>>>

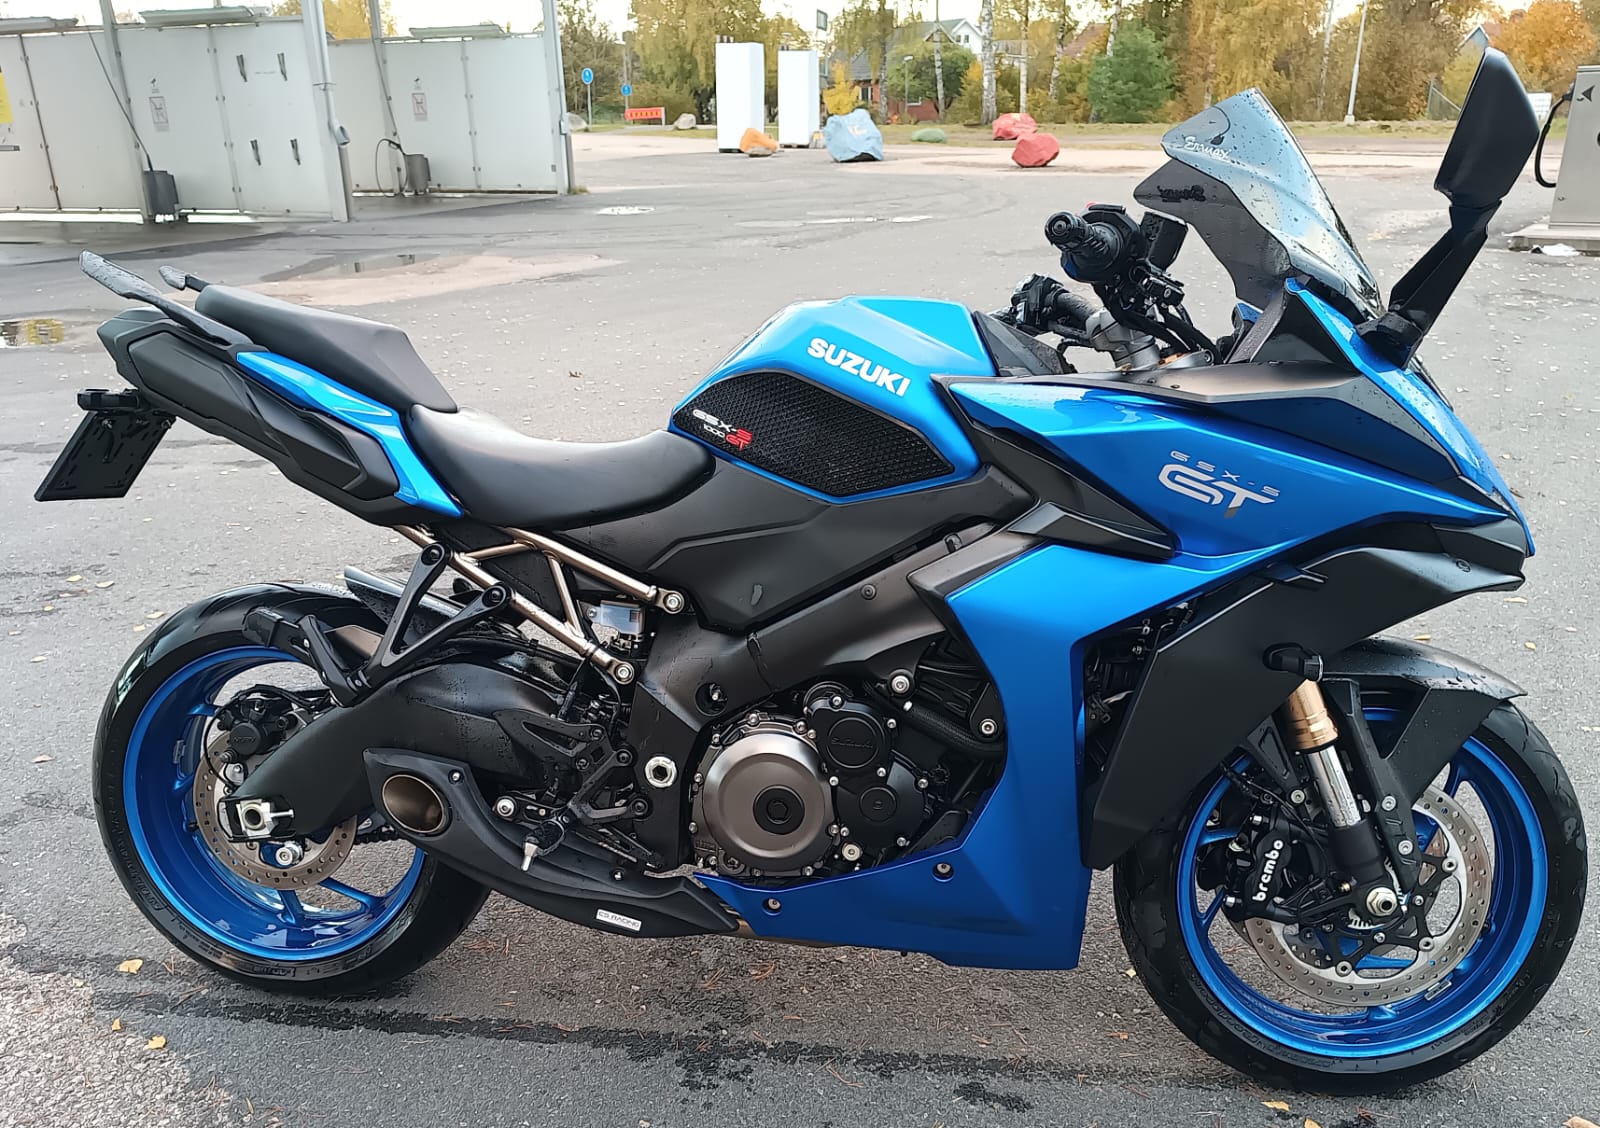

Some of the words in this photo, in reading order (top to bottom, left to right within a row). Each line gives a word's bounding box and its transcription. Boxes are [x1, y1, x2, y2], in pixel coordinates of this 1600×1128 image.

[807, 337, 912, 398] SUZUKI
[692, 408, 753, 443] GSX-S
[703, 423, 726, 438] 1000
[1158, 463, 1276, 519] GT
[1169, 450, 1280, 498] GSX-S
[1252, 839, 1284, 901] brembo
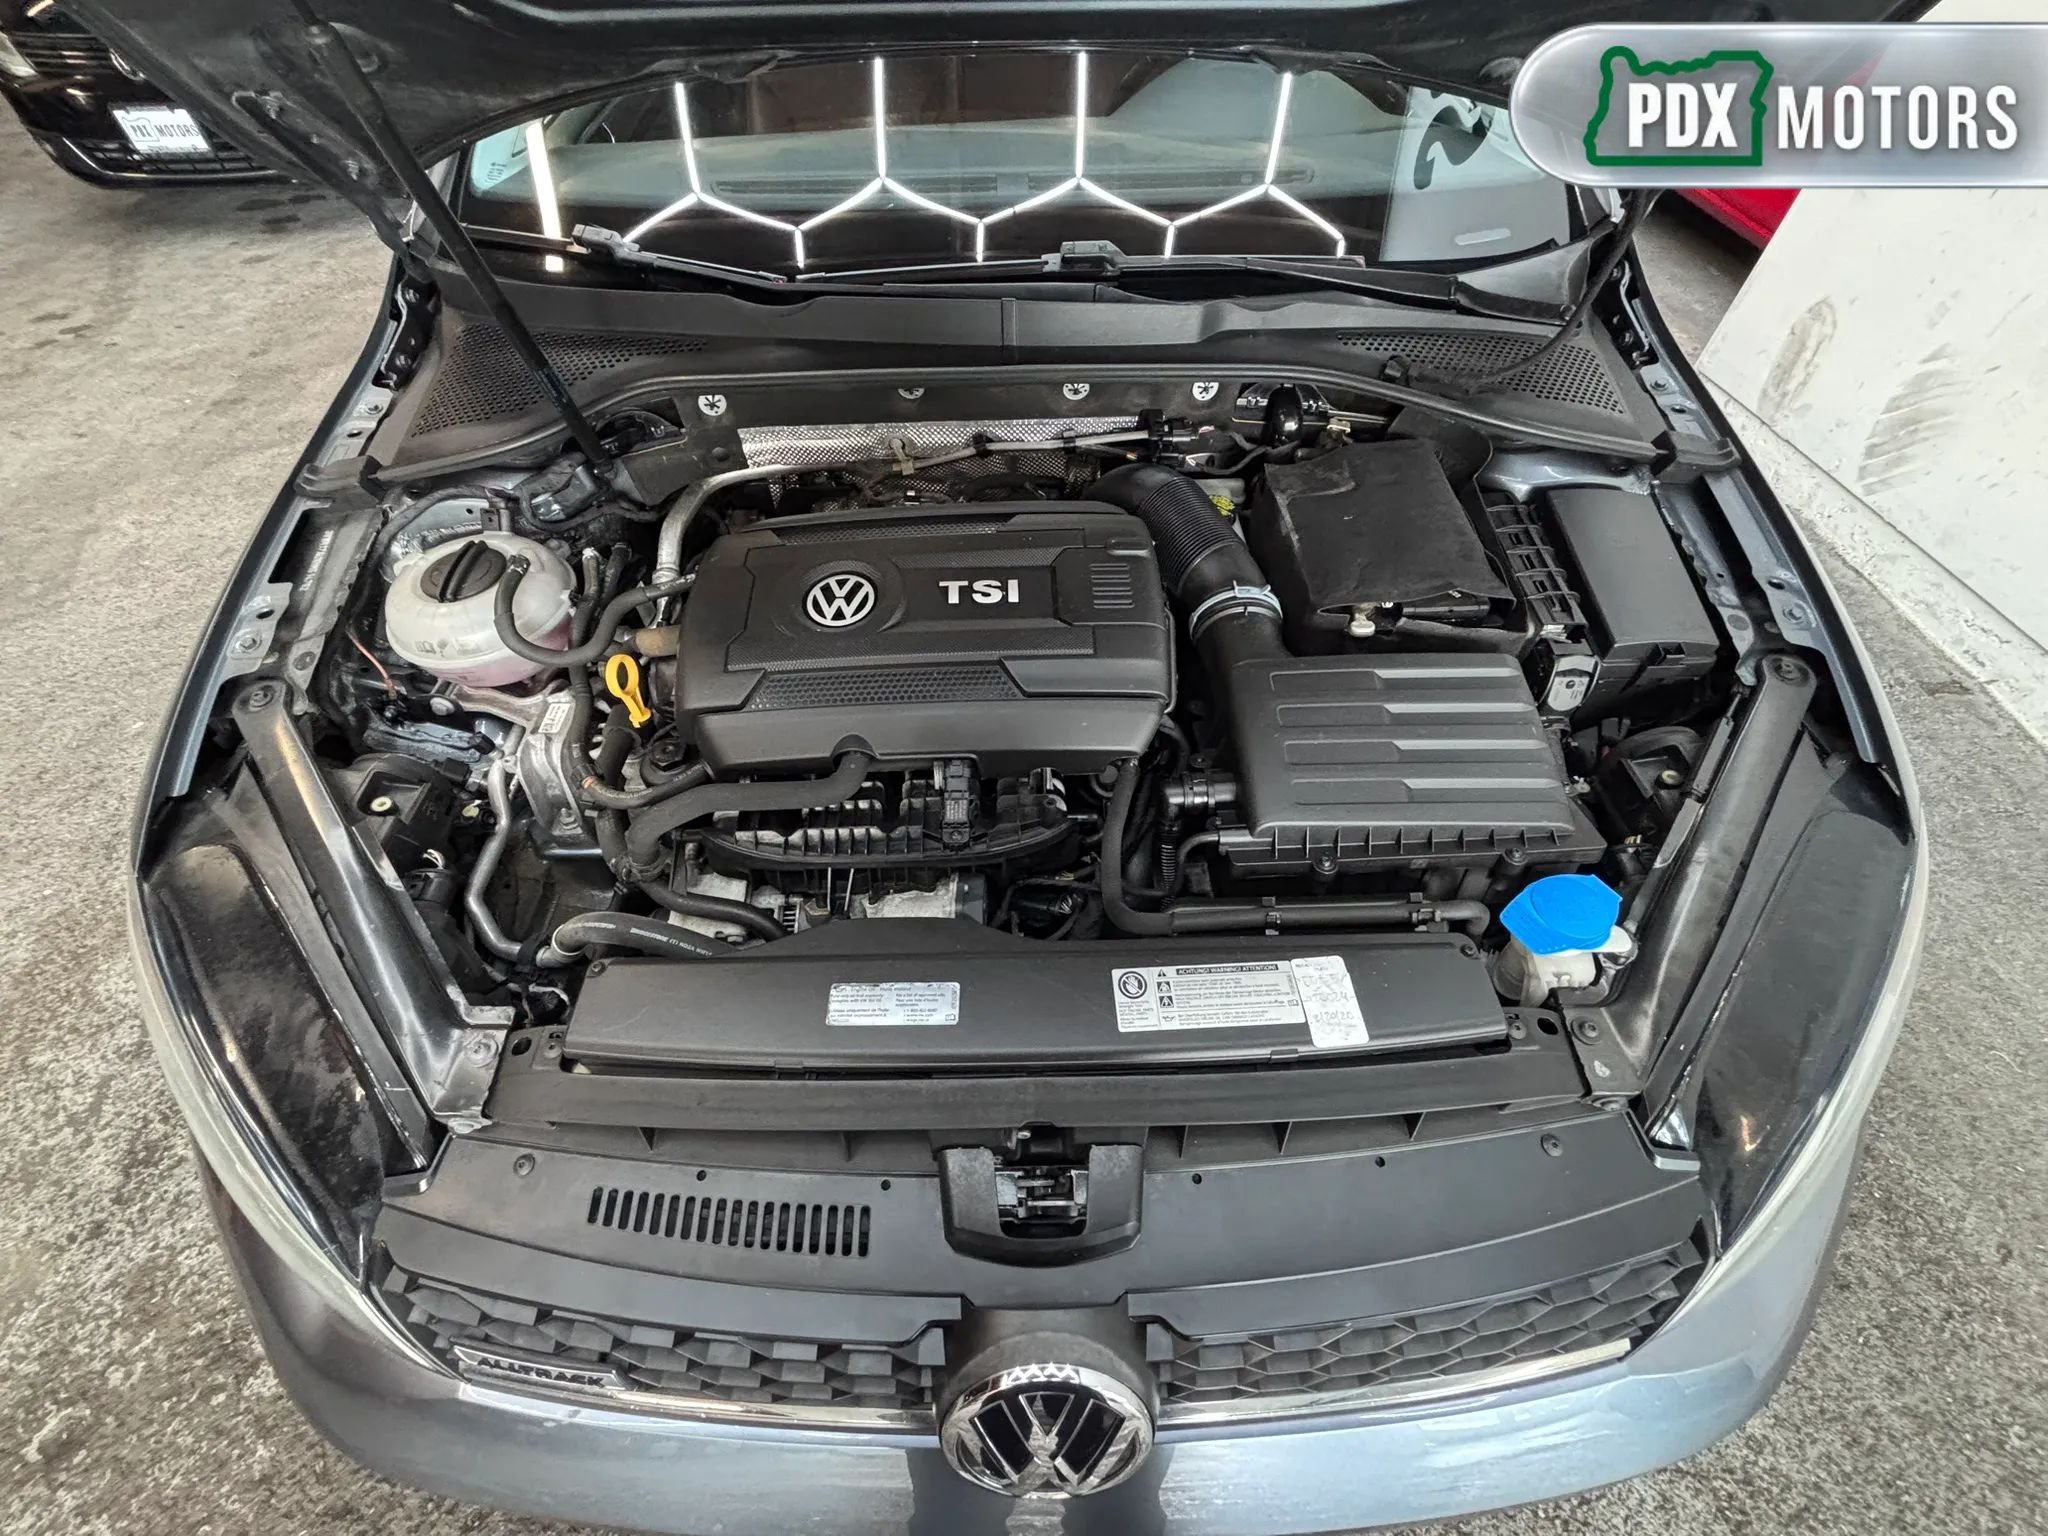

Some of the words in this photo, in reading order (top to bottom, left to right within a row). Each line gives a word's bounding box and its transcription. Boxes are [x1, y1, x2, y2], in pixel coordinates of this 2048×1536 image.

[154, 124, 200, 138] MOTORS
[807, 574, 876, 627] VW
[938, 578, 1020, 605] TSI
[1210, 965, 1242, 974] WARNING!
[476, 1357, 605, 1389] ALLTRACK

<<<

### Problem to work on
Output the lines from the one with "this 2048×1536 image." to the final line of the entries above, exactly as they stand, please, and nothing else.

### Exercise output
Some of the words in this photo, in reading order (top to bottom, left to right within a row). Each line gives a word's bounding box and its transcription. Boxes are [x1, y1, x2, y2], in pixel coordinates of this 2048×1536 image.

[154, 124, 200, 138] MOTORS
[807, 574, 876, 627] VW
[938, 578, 1020, 605] TSI
[1210, 965, 1242, 974] WARNING!
[476, 1357, 605, 1389] ALLTRACK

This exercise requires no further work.